Background technology
Existing soya-bean milk manufacturing technology is all that the quality of emphasis soya-bean milk is fine and smooth, generally all bean dregs is thrown away, and bean dregs have abundant nutritive value in fact, and in soybean, larger a part of nutritional labeling remains in bean dregs, and existing product has been wasted the making material greatly.The mouthfeel of existing soya-bean milk is mostly identical, there is no characteristics, and is the same with traditional soybean milk, be all neat liquid, there is no new meaning, can not meet the fastidious taste of modern, soya-bean milk in the market is mostly traditional manufacture craft, and nutritive value is extremely single, can't satisfy people to the demand of high nutritive value.
Summary of the invention
The object of the invention just is to provide a kind of soya-bean milk that contains the fruit of Chinese wolfberry.

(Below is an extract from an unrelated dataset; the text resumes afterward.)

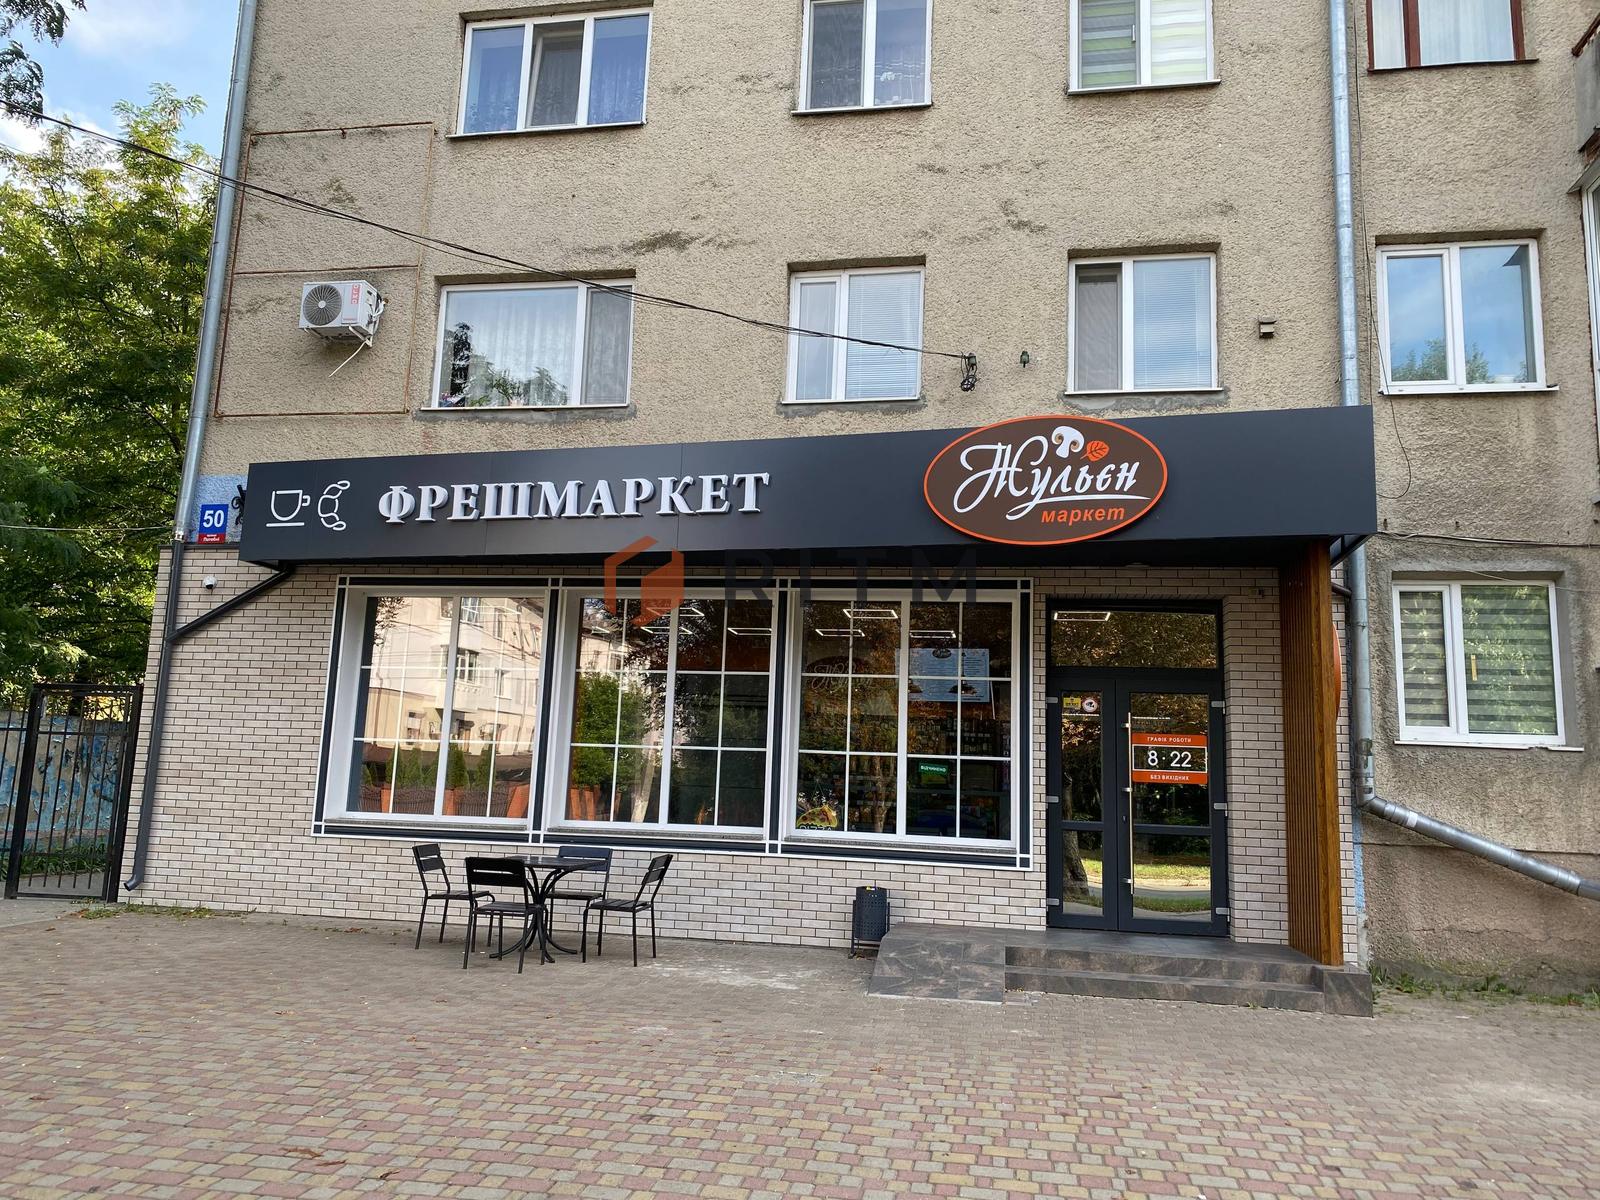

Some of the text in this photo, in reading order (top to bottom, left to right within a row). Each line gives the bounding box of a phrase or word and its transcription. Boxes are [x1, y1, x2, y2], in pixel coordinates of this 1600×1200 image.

The present invention is achieved by the following technical solutions:
A kind of soya-bean milk that contains the fruit of Chinese wolfberry, it is comprised of the raw material of following weight parts:
Soya bean 85-90, pea 8-12, black soya bean 15-19, iblet 6-10, buckwheat 9-13, root of Dahurain angelica 2-4, adhesive rehmannia flower 1-2, fruit of Chinese wolfberry 2-4, glucose 1-2, Snakegourd Fruit leaf 1-2, ISOASCORBIC ACID sodium 0.8-1, whey powder 1-2, molecule distillating monoglyceride 0.2-0.4, water are appropriate.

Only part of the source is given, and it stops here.